▶ ACTIVITY
Could you restate all of the records below exactly, with the pictures left out?

=-=-=-=-=

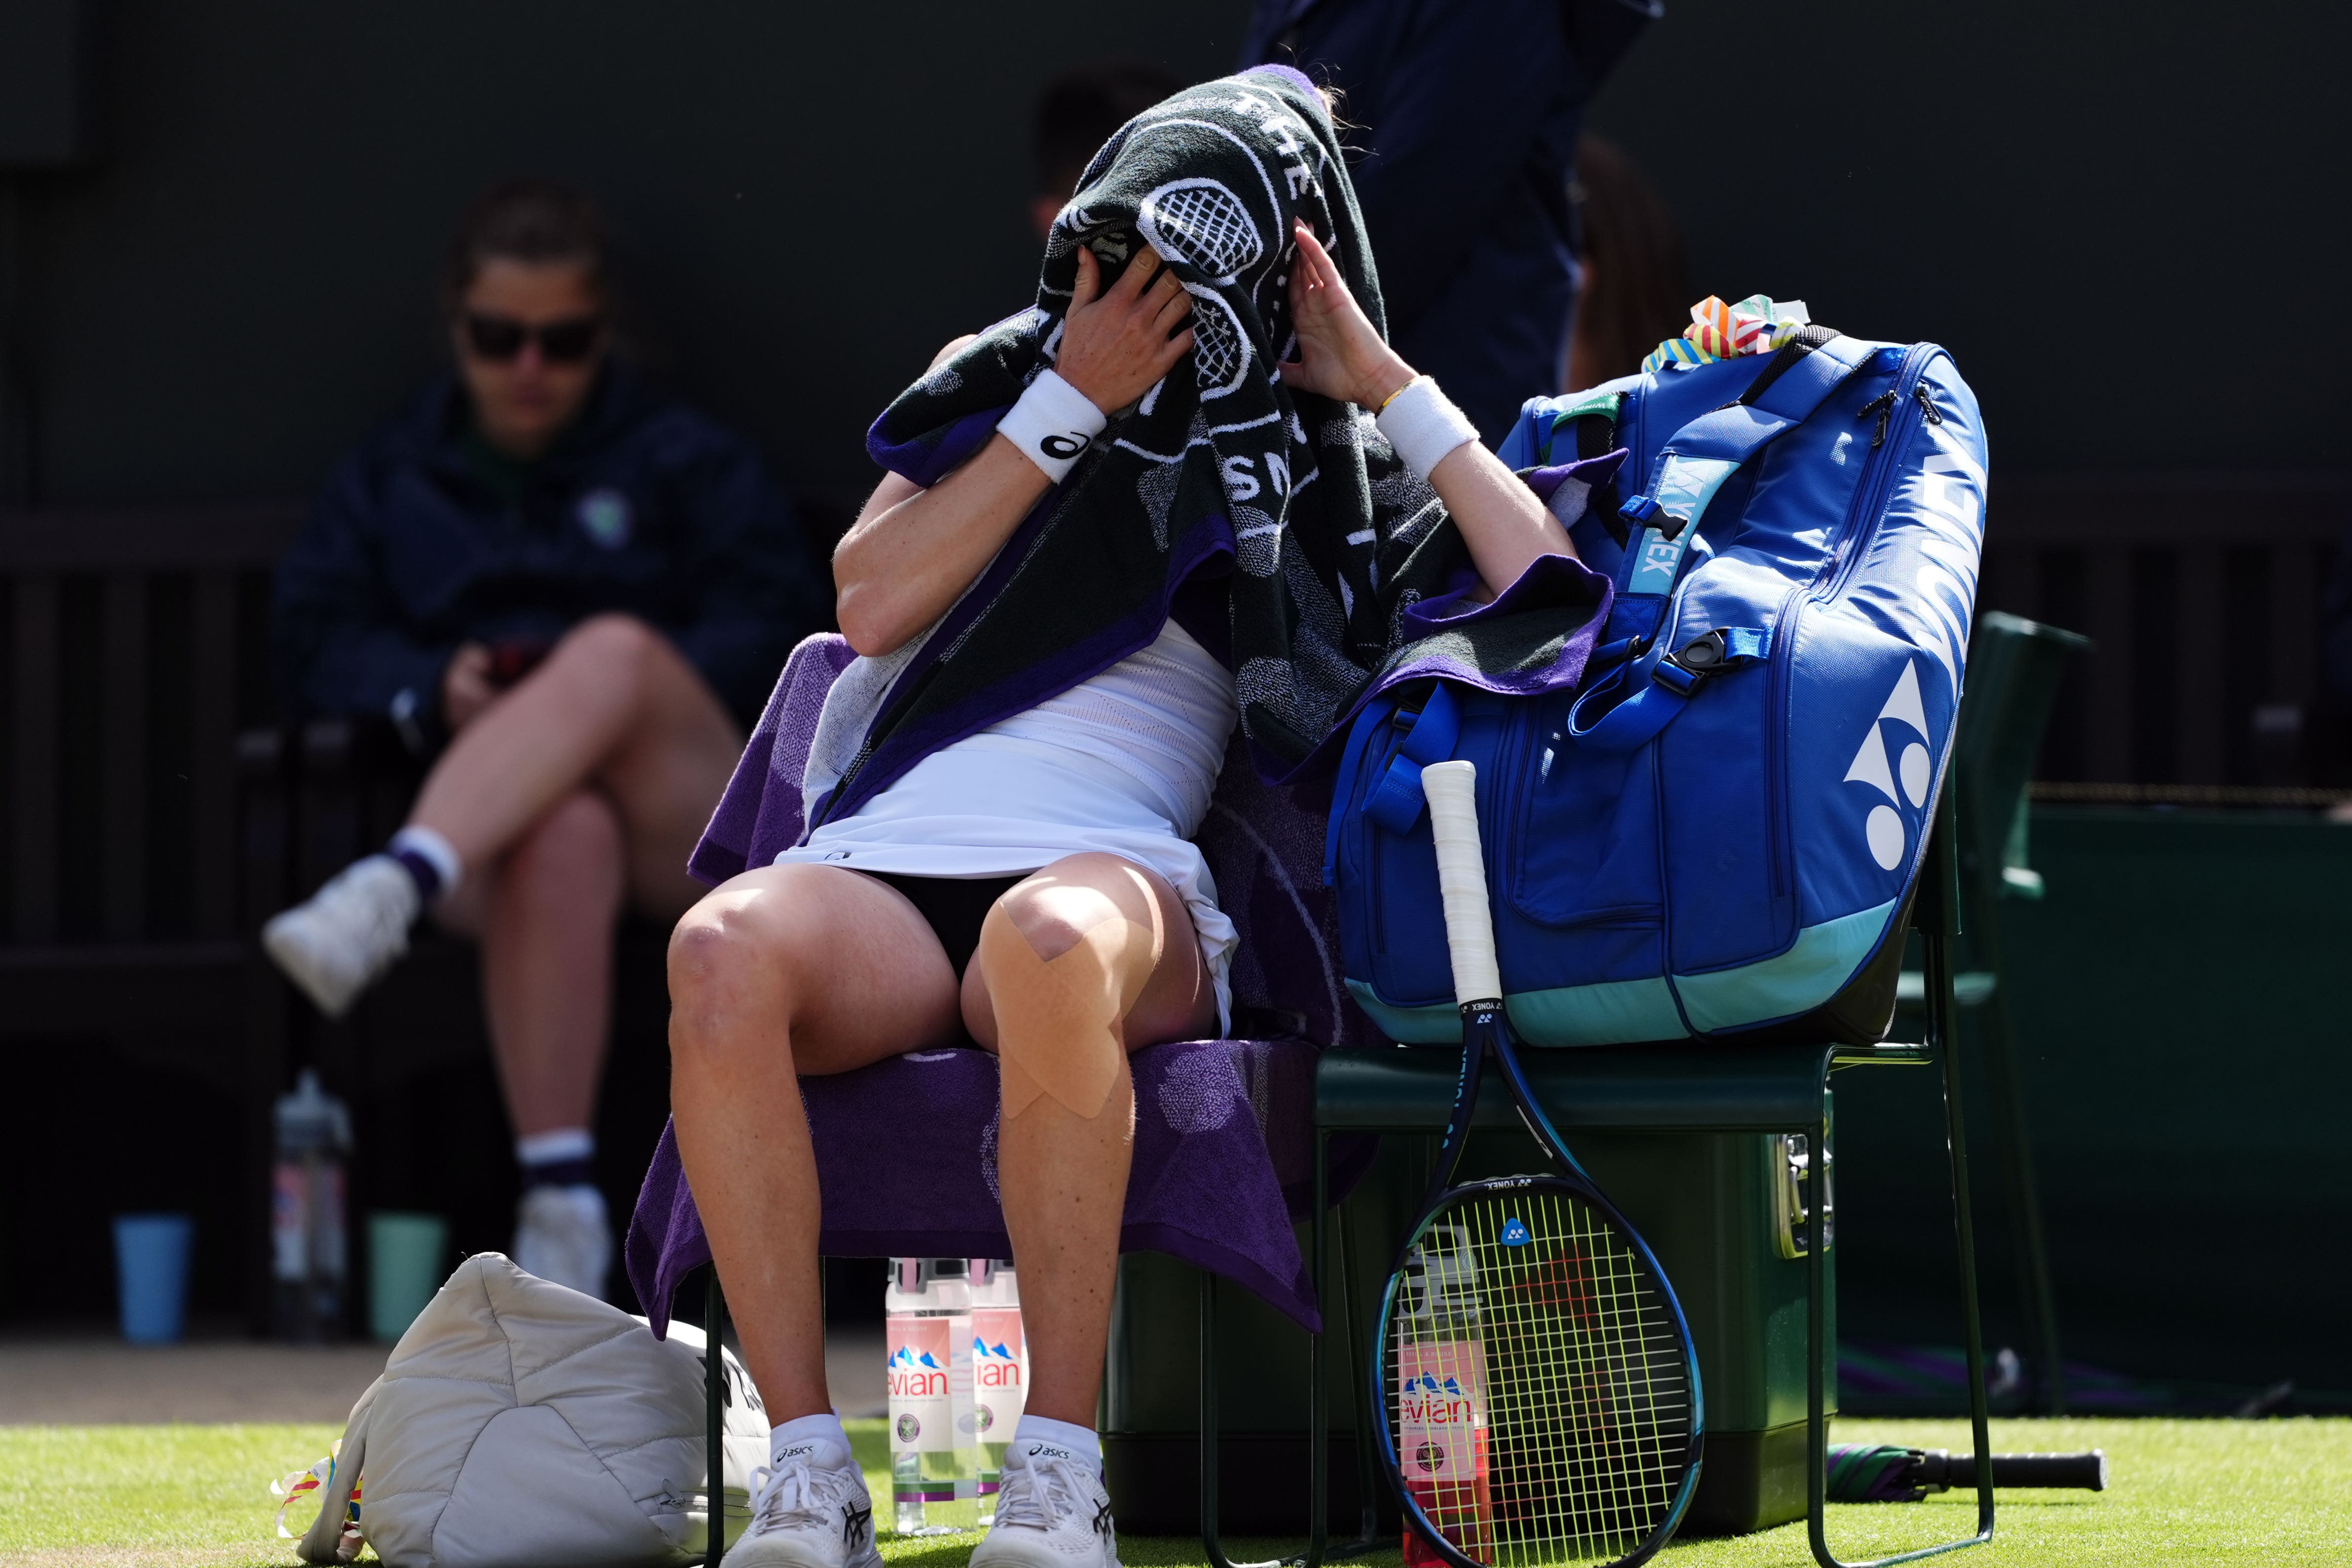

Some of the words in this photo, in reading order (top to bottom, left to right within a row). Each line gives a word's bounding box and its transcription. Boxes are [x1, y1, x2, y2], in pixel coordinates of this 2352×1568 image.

[1554, 402, 1605, 422] WIMBLED
[1472, 1002, 1495, 1011] YONEX
[1487, 1179, 1515, 1191] YONEX
[1400, 1393, 1471, 1424] evian
[1043, 1448, 1069, 1459] asics
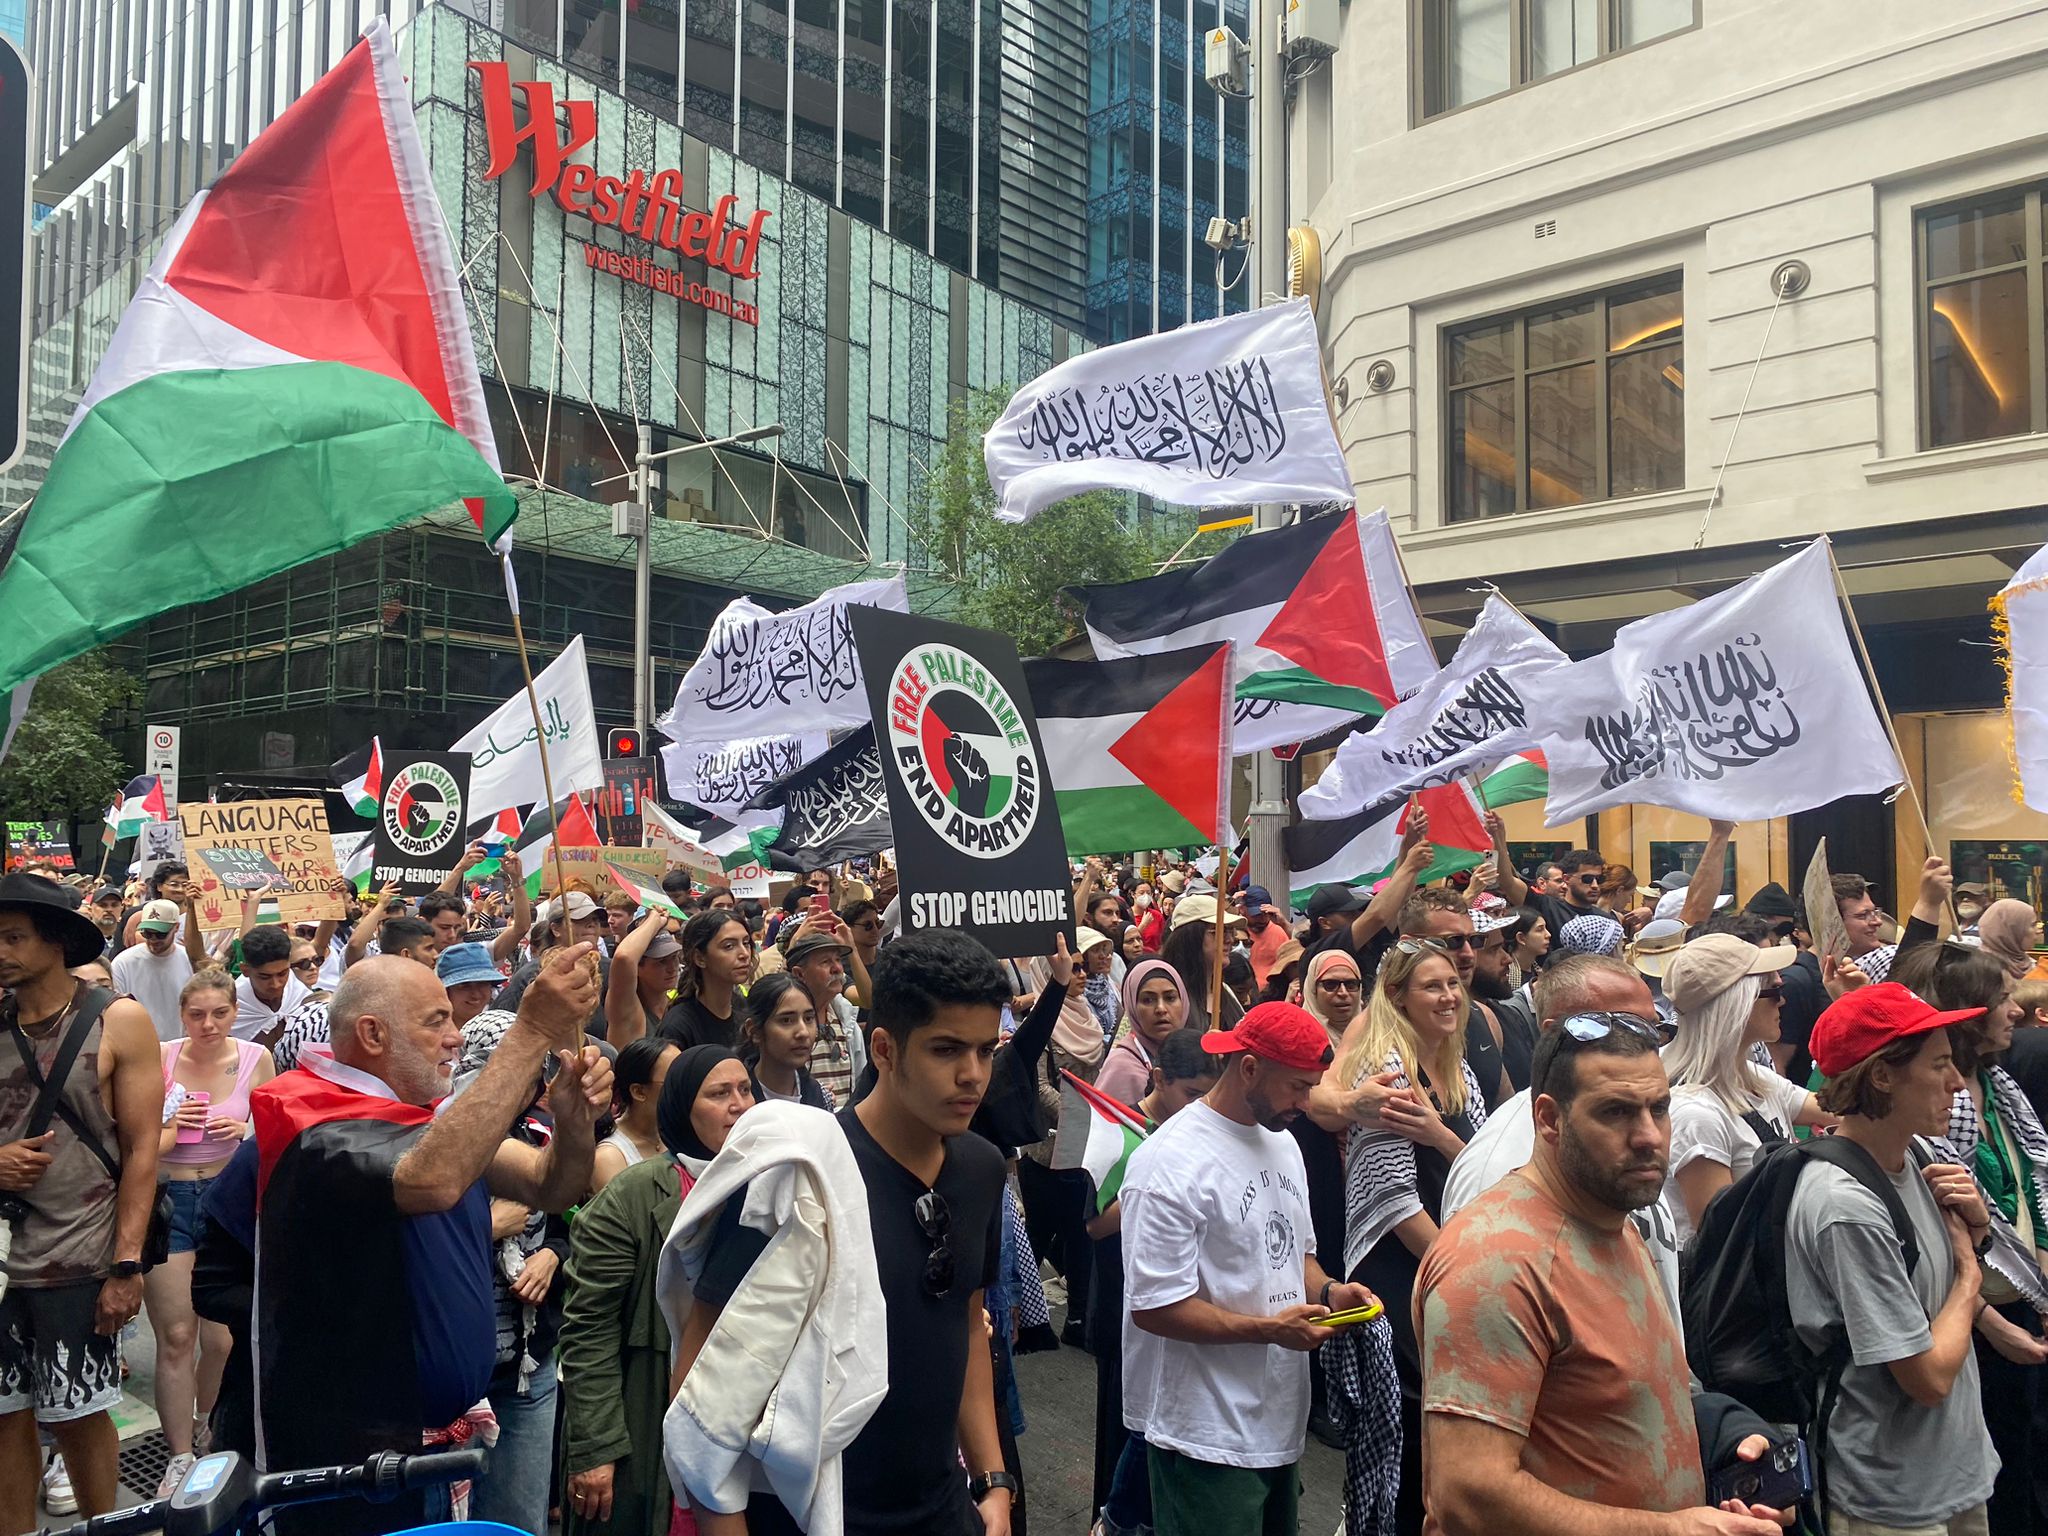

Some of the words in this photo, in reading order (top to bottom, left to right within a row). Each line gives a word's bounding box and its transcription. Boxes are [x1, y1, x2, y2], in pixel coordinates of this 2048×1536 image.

=-=-=-=-=

▶ TASK ANSWER
Some of the words in this photo, in reading order (top to bottom, left to right within a row). Each line gives a word's bounding box and its transcription. Boxes are [x1, y1, x2, y2], in pixel coordinates of this 2352×1568 image.

[1554, 402, 1605, 422] WIMBLED
[1472, 1002, 1495, 1011] YONEX
[1487, 1179, 1515, 1191] YONEX
[1400, 1393, 1471, 1424] evian
[1043, 1448, 1069, 1459] asics

Some of the words in this photo, in reading order (top to bottom, left to right within a row). Each line gives a word's bounding box and its transcription. Boxes are [x1, y1, x2, y2], in pixel coordinates of this 2048×1536 image.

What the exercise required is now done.